START Given data
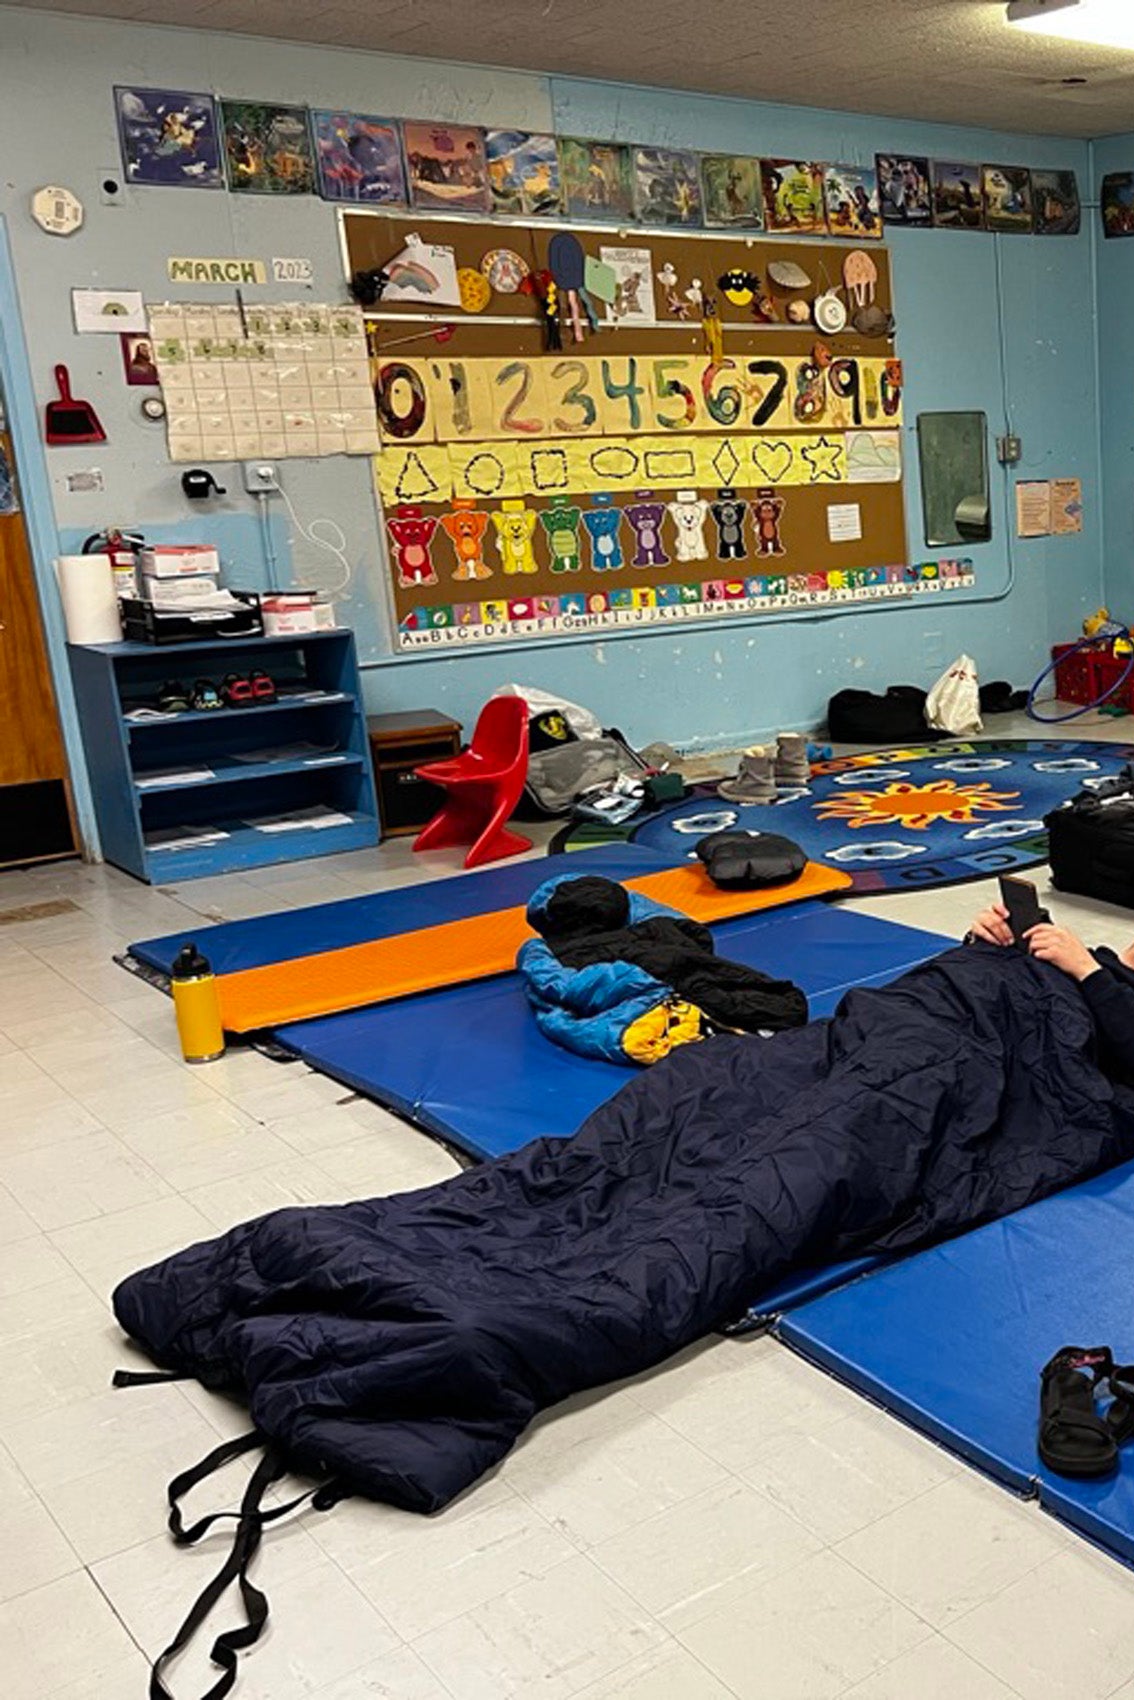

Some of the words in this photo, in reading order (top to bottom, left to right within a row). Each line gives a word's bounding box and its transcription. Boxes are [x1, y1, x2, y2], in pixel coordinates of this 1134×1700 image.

[172, 261, 257, 283] MARCH
[274, 260, 312, 280] 2023
[375, 361, 427, 438] 0
[449, 363, 473, 434] 1
[495, 361, 543, 433] 2
[551, 360, 598, 431] 3
[601, 357, 644, 429] 4
[654, 360, 697, 428] 5
[702, 358, 743, 425] 6
[747, 360, 787, 426] 7
[794, 361, 825, 424] 8
[827, 359, 861, 426] 9
[863, 366, 901, 419] 10
END Given data
Repeat the records above exactly, without any pictures.

Answer section:
Some of the words in this photo, in reading order (top to bottom, left to right within a row). Each line gives a word's bounding box and its transcription. Boxes are [x1, y1, x2, y2], in pixel coordinates of this 1134×1700 image.

[172, 261, 257, 283] MARCH
[274, 260, 312, 280] 2023
[375, 361, 427, 438] 0
[449, 363, 473, 434] 1
[495, 361, 543, 433] 2
[551, 360, 598, 431] 3
[601, 357, 644, 429] 4
[654, 360, 697, 428] 5
[702, 358, 743, 425] 6
[747, 360, 787, 426] 7
[794, 361, 825, 424] 8
[827, 359, 861, 426] 9
[863, 366, 901, 419] 10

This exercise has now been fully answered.